The Australian Trucking Association will need to take a strong stance on improving the viability of trucking businesses in 2011, ATA Chairman David Simon told the organisation’s annual general meeting today.

The ATA is the peak body that represents the trucking industry. Its members include state and sector trucking associations, the Transport Workers’ Union and some of Australia’s major logistics companies.

Mr Simon said the industry had created a real viability issue for itself: freight rates are at the same level in real terms as in the 1980s, despite the industry’s increasing costs.
“The immediate issue is charges, and particularly registration charges on B-double lead trailers. The NTC has done its calculations and come up with its answer.

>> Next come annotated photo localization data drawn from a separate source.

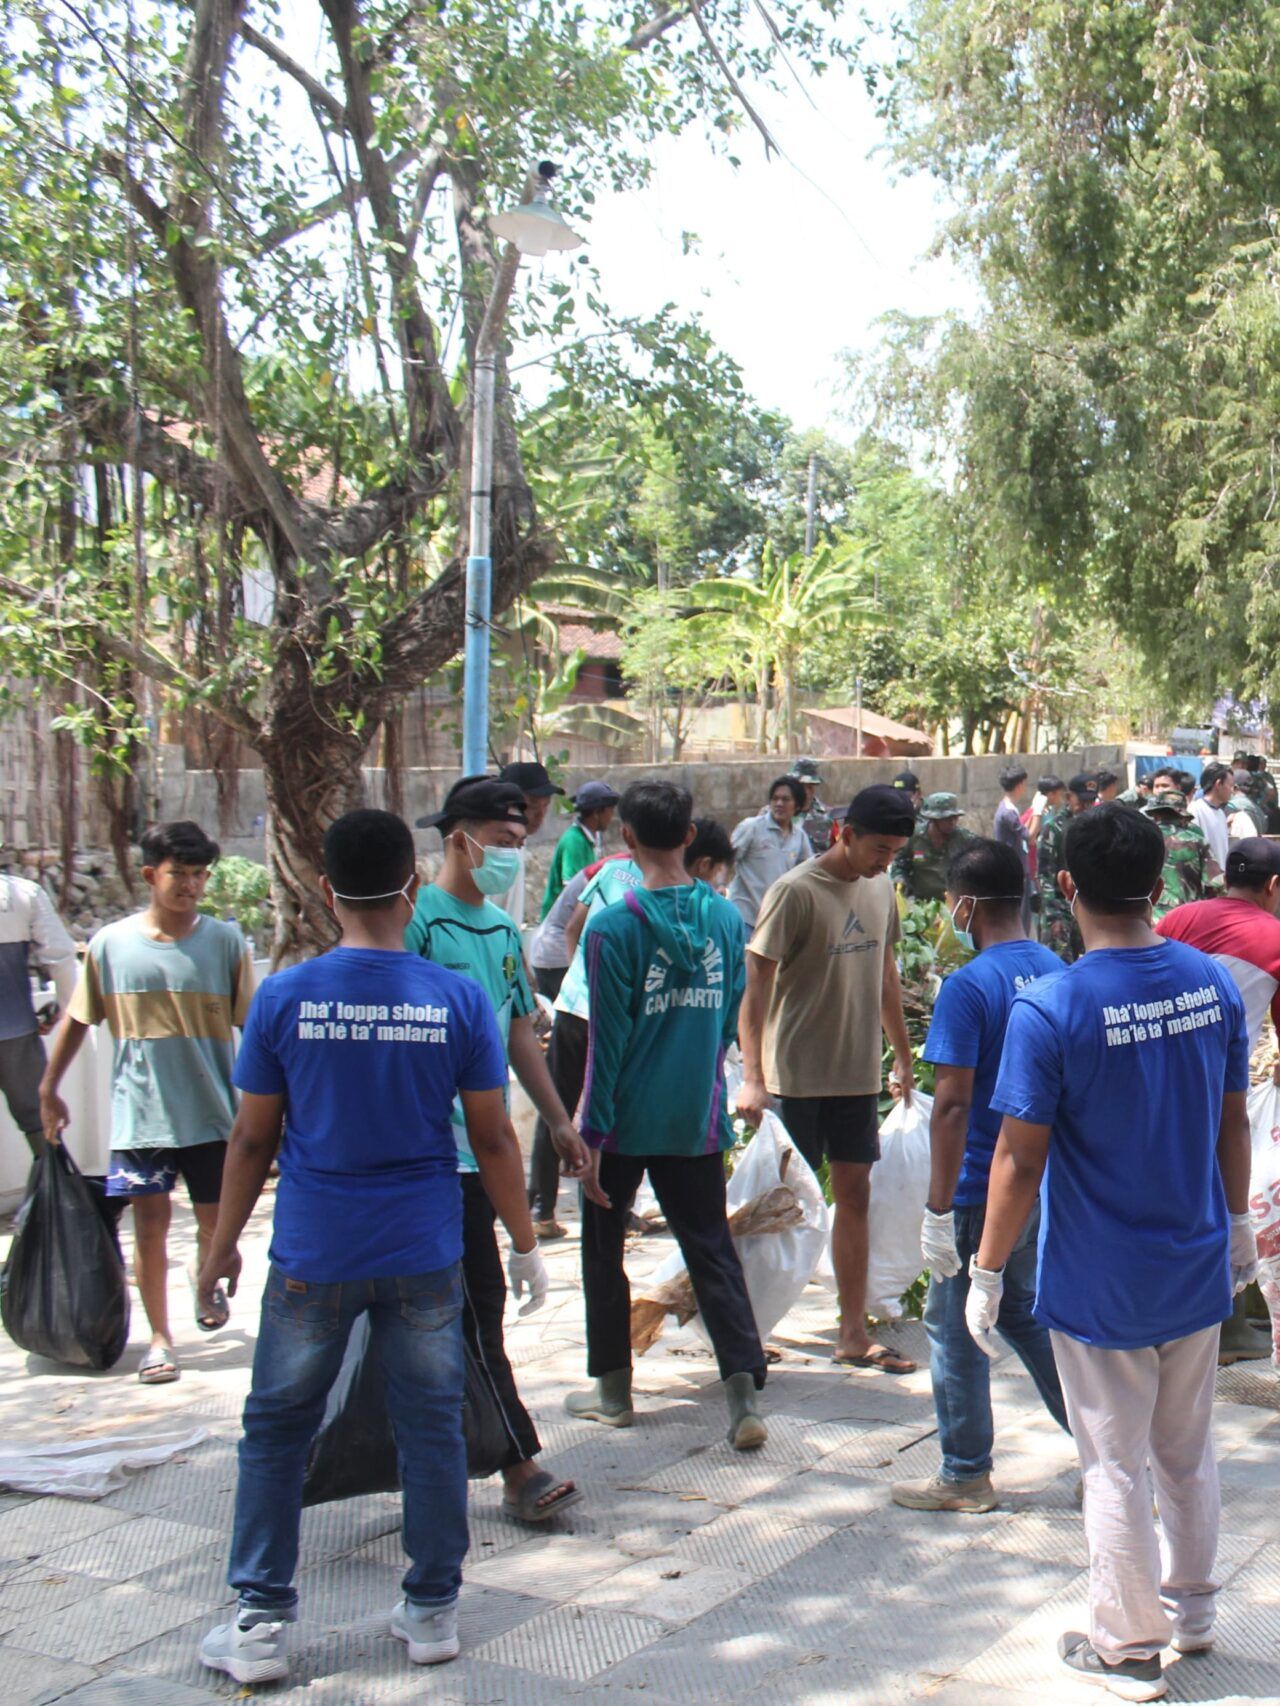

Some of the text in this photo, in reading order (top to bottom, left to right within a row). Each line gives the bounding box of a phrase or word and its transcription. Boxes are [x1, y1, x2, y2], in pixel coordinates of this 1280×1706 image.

[337, 1002, 389, 1022] loppa
[392, 1003, 448, 1024] sholat
[1133, 998, 1175, 1022] loppa
[1175, 984, 1219, 1012] sholat
[1167, 1004, 1223, 1036] malarat
[377, 1024, 447, 1044] malarat

The answer is wrong but that’s what regulators are implementing. We have to fight harder on that,” Mr Simon said.

“Today’s meeting also discussed how operators are having trouble recovering their higher costs from customers because of the tough conditions faced by industry. Operators in this position have access to special cost models through their ATA member association. These cost models will help them justify the increases necessary.”

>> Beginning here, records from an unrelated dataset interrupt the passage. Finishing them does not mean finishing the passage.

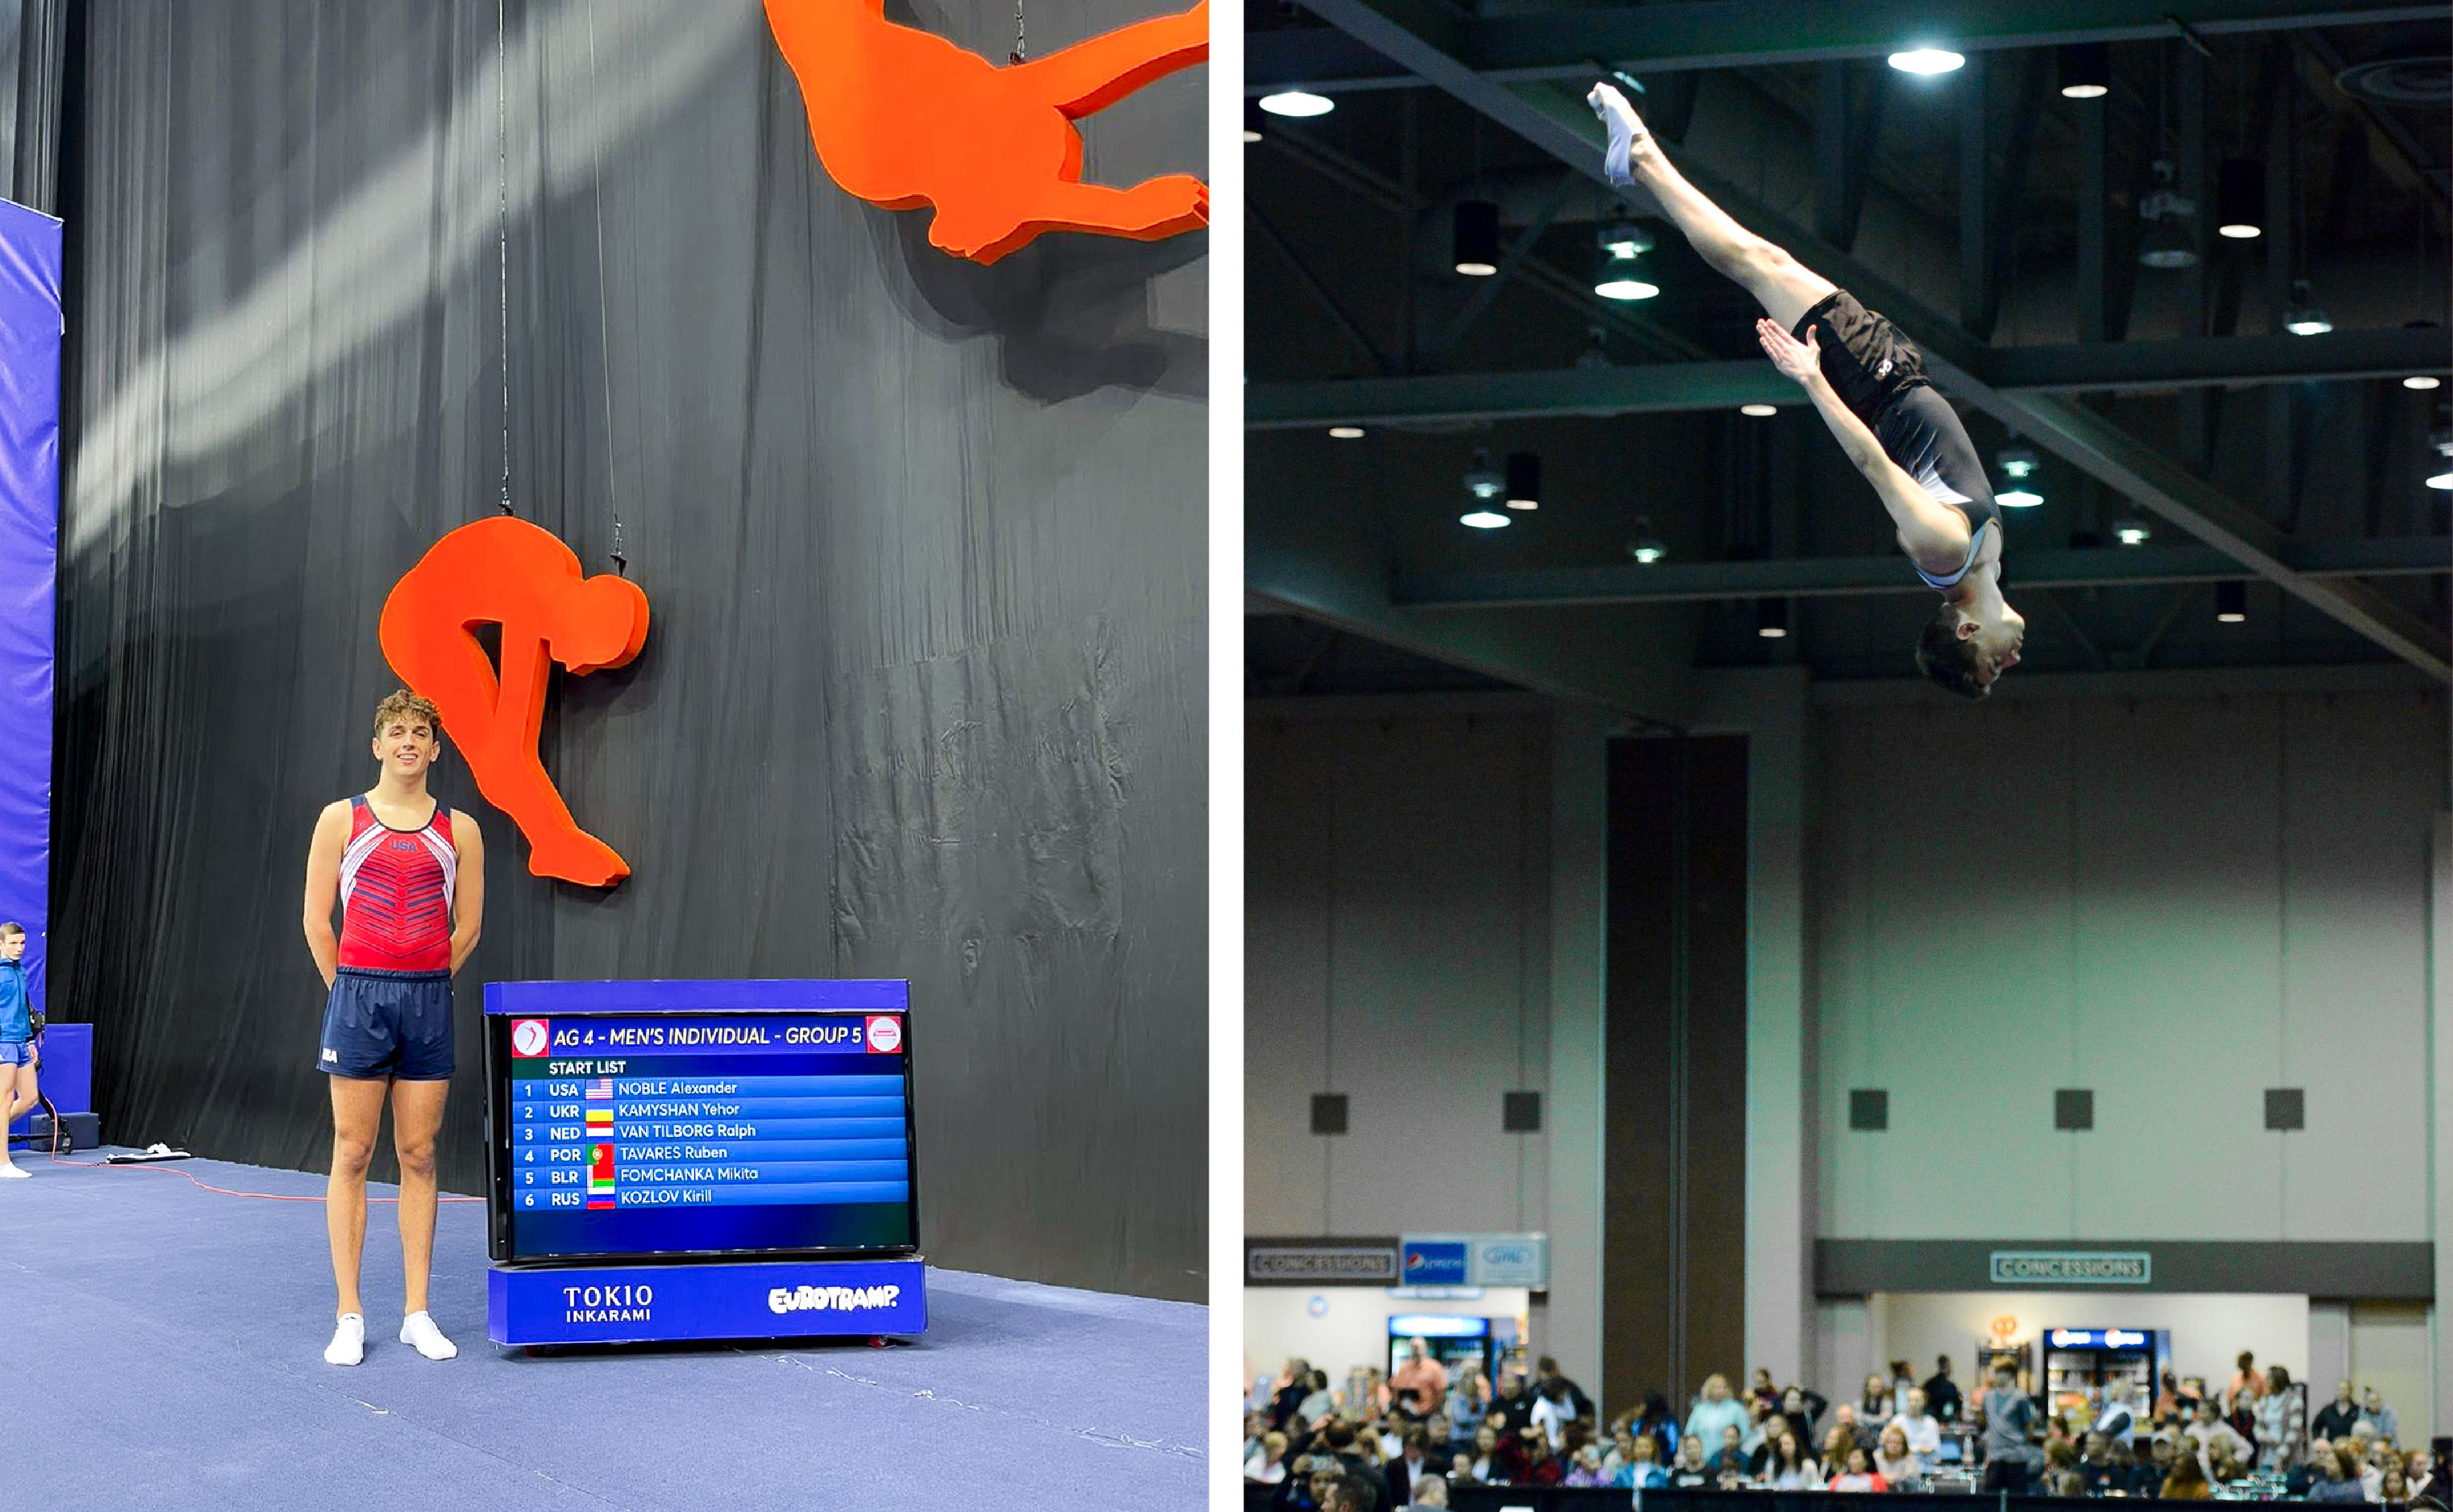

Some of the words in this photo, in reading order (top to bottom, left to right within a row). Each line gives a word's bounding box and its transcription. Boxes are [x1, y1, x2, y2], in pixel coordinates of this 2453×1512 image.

[391, 840, 417, 852] USA
[553, 1030, 579, 1046] AG
[583, 1030, 594, 1046] 4
[610, 1027, 664, 1045] MEN'S
[668, 1027, 770, 1045] INDIVIDUAL
[785, 1027, 848, 1044] GROUP
[852, 1027, 861, 1043] 5
[549, 1061, 593, 1075] START
[597, 1060, 626, 1074] LIST
[525, 1085, 531, 1097] 1
[550, 1084, 579, 1097] USA
[618, 1082, 668, 1096] NOBLE
[671, 1081, 738, 1094] Alexander
[525, 1106, 533, 1118] 2
[550, 1105, 579, 1118] UKR
[618, 1103, 699, 1117] KAMYSHAN
[702, 1102, 740, 1116] Yehor
[525, 1128, 533, 1140] 3
[550, 1127, 581, 1140] NED
[619, 1125, 650, 1138] VAN
[653, 1124, 714, 1138] TILBORG
[718, 1123, 756, 1139] Ralph
[525, 1150, 534, 1162] 4
[550, 1148, 581, 1161] POR
[620, 1147, 681, 1160] TAVARES
[685, 1146, 727, 1159] Ruben
[525, 1172, 534, 1184] 5
[552, 1171, 579, 1183] BLR
[621, 1168, 714, 1182] FOMCHANKA
[718, 1168, 759, 1181] Mikita
[525, 1193, 535, 1206] 6
[552, 1193, 580, 1206] RUS
[621, 1190, 679, 1204] KOZLOV
[683, 1189, 712, 1203] Kirill
[1998, 1258, 2142, 1277] CONCESSIONS
[564, 1285, 653, 1307] TOKIO
[566, 1309, 651, 1322] INKARAMI

Mr Simon said the ATA would work to secure national heavy vehicle laws that meet the industry’s objectives, including national chain of responsibility laws and arrangements to meet the special requirements of Western Australia and the Northern Territory.

“We have the opportunity to get the national laws we have been demanding for 20 years, but it’s not done and dusted. At some levels of the regulatory authorities there is a reluctance to agree to national laws, and we have to push for the right outcome.”

Mr Simon said the ATA needed to increase the industry’s knowledge of the importance of fitness for duty, including the impact of sleep disorders.

“There are a significant number of people affected by sleep disorders. In my own company, I have seven or eight drivers receiving treatment for sleep disorders who are much better for it,” he said.

Mr Simon said the ATA’s achievements for its members and the industry in 2010 included:

• the ATA’s input into the draft National Road Safety Strategy, with its emphasis on building safe systems rather than blaming drivers for every accident;
• the inclusion of high productivity vehicles in the draft National Land Freight Strategy;
• important changes to the new requirements for Maritime Security Identity Cards;
• the ATA’s strenuous lobbying on road charges;
• a start to work on two new Technical Advisory Procedures, one on side and rear underrun protection and the other on electronic braking; and
• the award of the 2010 Transport and Logistics Industry Excellence in Community Service Award to the ATA’s safety, careers and industry exhibition, the Road Ahead.